I love the Oregon Coast Highway — a.k.a. “The People’s Coast.” It’s a national treasure and also one of the most famous bicycle routes in the world.

But it has a dark side. It has stopped being the “Scenic Byway” it was intended to be and now it’s also a major thoroughfare used by commuters, commercial truckers, and oblivious RV drivers. I’ve ridden its narrow shoulder many times since my first ride down it 20 years ago. When I ride it these days, my main goal is to get off the highway as much as possible and leave the loud and smelly motorized traffic behind.
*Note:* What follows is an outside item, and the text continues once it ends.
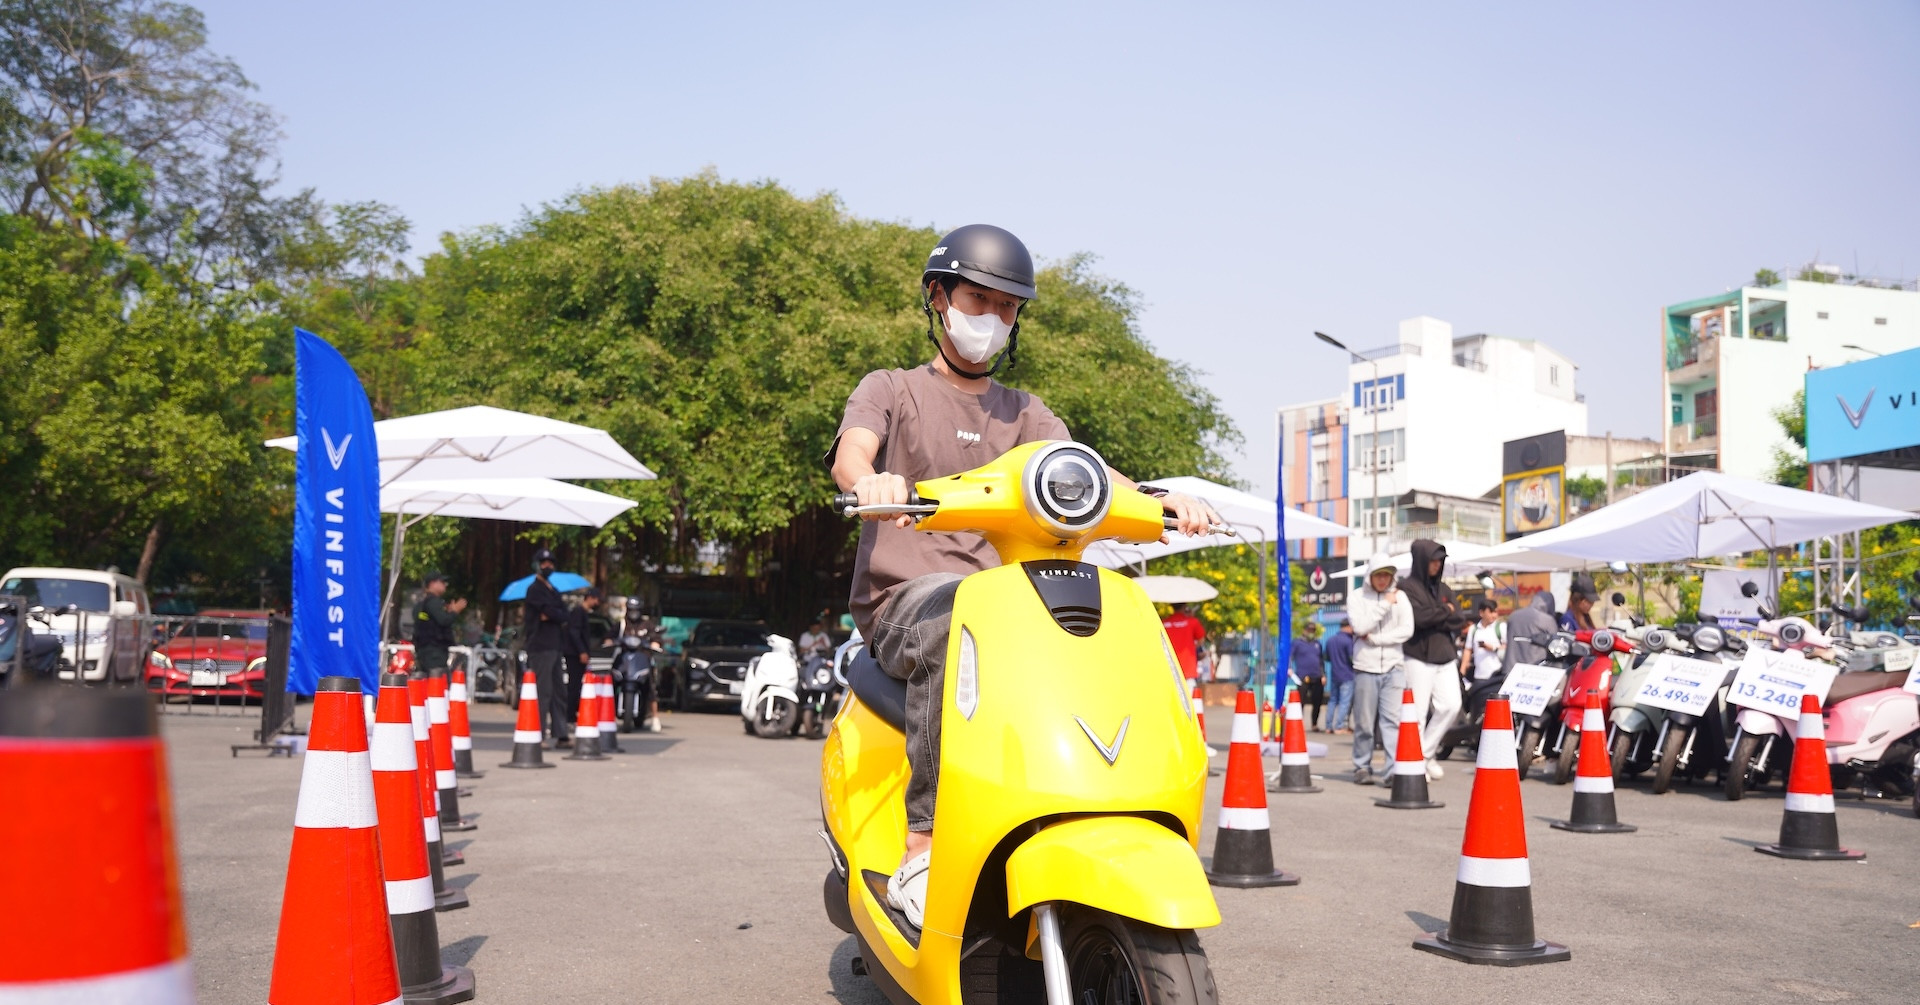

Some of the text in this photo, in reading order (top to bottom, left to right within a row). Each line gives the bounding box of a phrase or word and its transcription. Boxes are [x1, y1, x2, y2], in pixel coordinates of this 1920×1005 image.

This is easier said than done. Because of rugged cliffs and steep mountains, backroads are few and far between — especially ones that loop back onto the highway eventually. And much of the land around the highway is privately owned by ranchers and farmers who put gates up on their roads to keep people out.

On Sunday, day three of my four-day journey, I rode from Bandon to Gold Beach. Along the way I made three attempts up three different canyon roads only to be forced to turn around by a locked gate and “private property” signs each time. I should have known better. My digital maps showed the roads looping back to the highway, but upon further inspection (after arriving home) my paper maps show the gates and dead-ends. (*Protip: Always consult multiple maps before committing to a route.)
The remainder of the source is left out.